Goal of the exercise: The response should contain every record, reproduced exactly.

[Referring expression grounding data]
----

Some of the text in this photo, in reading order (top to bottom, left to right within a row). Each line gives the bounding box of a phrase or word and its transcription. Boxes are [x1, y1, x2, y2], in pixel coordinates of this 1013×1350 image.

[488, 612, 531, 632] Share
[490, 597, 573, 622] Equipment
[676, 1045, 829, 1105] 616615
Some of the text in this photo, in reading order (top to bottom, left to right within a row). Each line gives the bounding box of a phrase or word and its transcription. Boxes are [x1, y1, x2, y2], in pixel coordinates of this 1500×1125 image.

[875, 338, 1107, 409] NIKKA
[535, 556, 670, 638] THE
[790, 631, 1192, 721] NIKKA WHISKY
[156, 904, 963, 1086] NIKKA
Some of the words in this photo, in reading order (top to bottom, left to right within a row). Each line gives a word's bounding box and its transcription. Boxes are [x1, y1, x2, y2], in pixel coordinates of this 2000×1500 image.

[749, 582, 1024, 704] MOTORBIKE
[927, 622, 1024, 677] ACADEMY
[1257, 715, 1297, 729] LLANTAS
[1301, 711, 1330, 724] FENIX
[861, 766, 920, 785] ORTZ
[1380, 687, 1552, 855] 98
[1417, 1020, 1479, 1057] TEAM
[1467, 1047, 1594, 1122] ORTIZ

----

Task solution:
Some of the text in this photo, in reading order (top to bottom, left to right within a row). Each line gives the bounding box of a phrase or word and its transcription. Boxes are [x1, y1, x2, y2], in pixel coordinates of this 1013×1350 image.

[488, 612, 531, 632] Share
[490, 597, 573, 622] Equipment
[676, 1045, 829, 1105] 616615
Some of the text in this photo, in reading order (top to bottom, left to right within a row). Each line gives the bounding box of a phrase or word and its transcription. Boxes are [x1, y1, x2, y2], in pixel coordinates of this 1500×1125 image.

[875, 338, 1107, 409] NIKKA
[535, 556, 670, 638] THE
[790, 631, 1192, 721] NIKKA WHISKY
[156, 904, 963, 1086] NIKKA
Some of the words in this photo, in reading order (top to bottom, left to right within a row). Each line gives a word's bounding box and its transcription. Boxes are [x1, y1, x2, y2], in pixel coordinates of this 2000×1500 image.

[749, 582, 1024, 704] MOTORBIKE
[927, 622, 1024, 677] ACADEMY
[1257, 715, 1297, 729] LLANTAS
[1301, 711, 1330, 724] FENIX
[861, 766, 920, 785] ORTZ
[1380, 687, 1552, 855] 98
[1417, 1020, 1479, 1057] TEAM
[1467, 1047, 1594, 1122] ORTIZ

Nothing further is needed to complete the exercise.